AIM OF THE EXERCISE: Return a faithful copy of all the entries, omitting the images.

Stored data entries
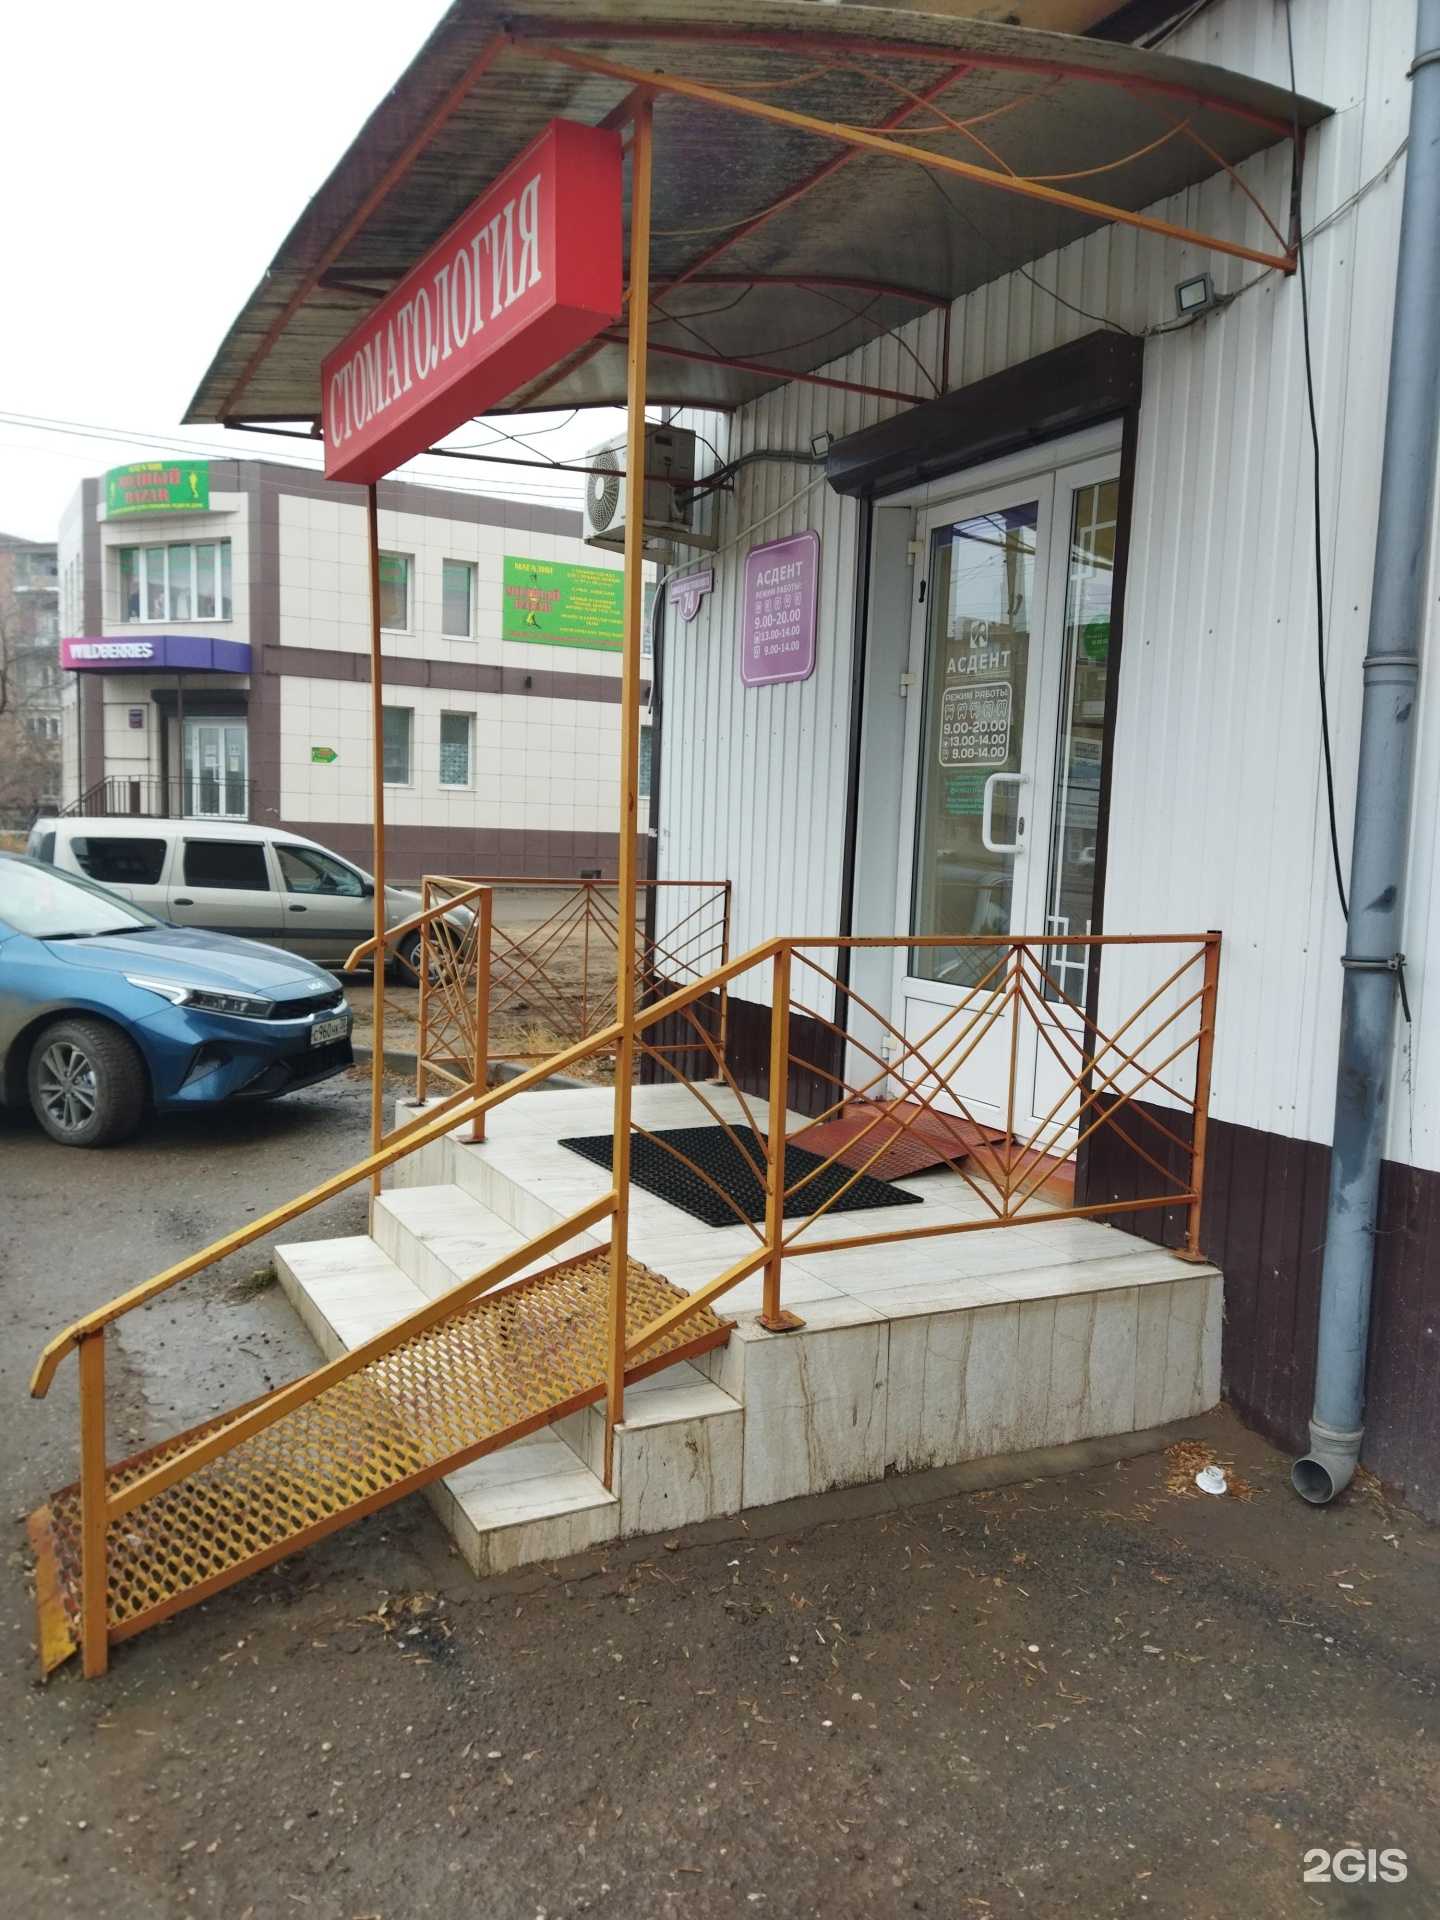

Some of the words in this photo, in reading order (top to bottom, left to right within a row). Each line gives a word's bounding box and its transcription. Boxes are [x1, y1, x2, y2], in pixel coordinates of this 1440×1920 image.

[330, 172, 542, 449] СТОМАТОЛОГИЯ
[756, 561, 803, 588] АСДЕНТ
[754, 608, 801, 630] 9.00-20.00
[760, 625, 801, 641] 13.00-14.00
[69, 643, 154, 659] WILDBERRIES
[763, 640, 801, 656] 9.00-14.00
[947, 651, 1011, 674] АСДЕНТ
[943, 719, 1007, 735] 9.00-20.00
[950, 734, 1006, 748] 13.00-14.00
[952, 746, 1005, 760] 9.00-14.00

EXERCISE SOLUTION:
Some of the words in this photo, in reading order (top to bottom, left to right within a row). Each line gives a word's bounding box and its transcription. Boxes are [x1, y1, x2, y2], in pixel coordinates of this 1440×1920 image.

[330, 172, 542, 449] СТОМАТОЛОГИЯ
[756, 561, 803, 588] АСДЕНТ
[754, 608, 801, 630] 9.00-20.00
[760, 625, 801, 641] 13.00-14.00
[69, 643, 154, 659] WILDBERRIES
[763, 640, 801, 656] 9.00-14.00
[947, 651, 1011, 674] АСДЕНТ
[943, 719, 1007, 735] 9.00-20.00
[950, 734, 1006, 748] 13.00-14.00
[952, 746, 1005, 760] 9.00-14.00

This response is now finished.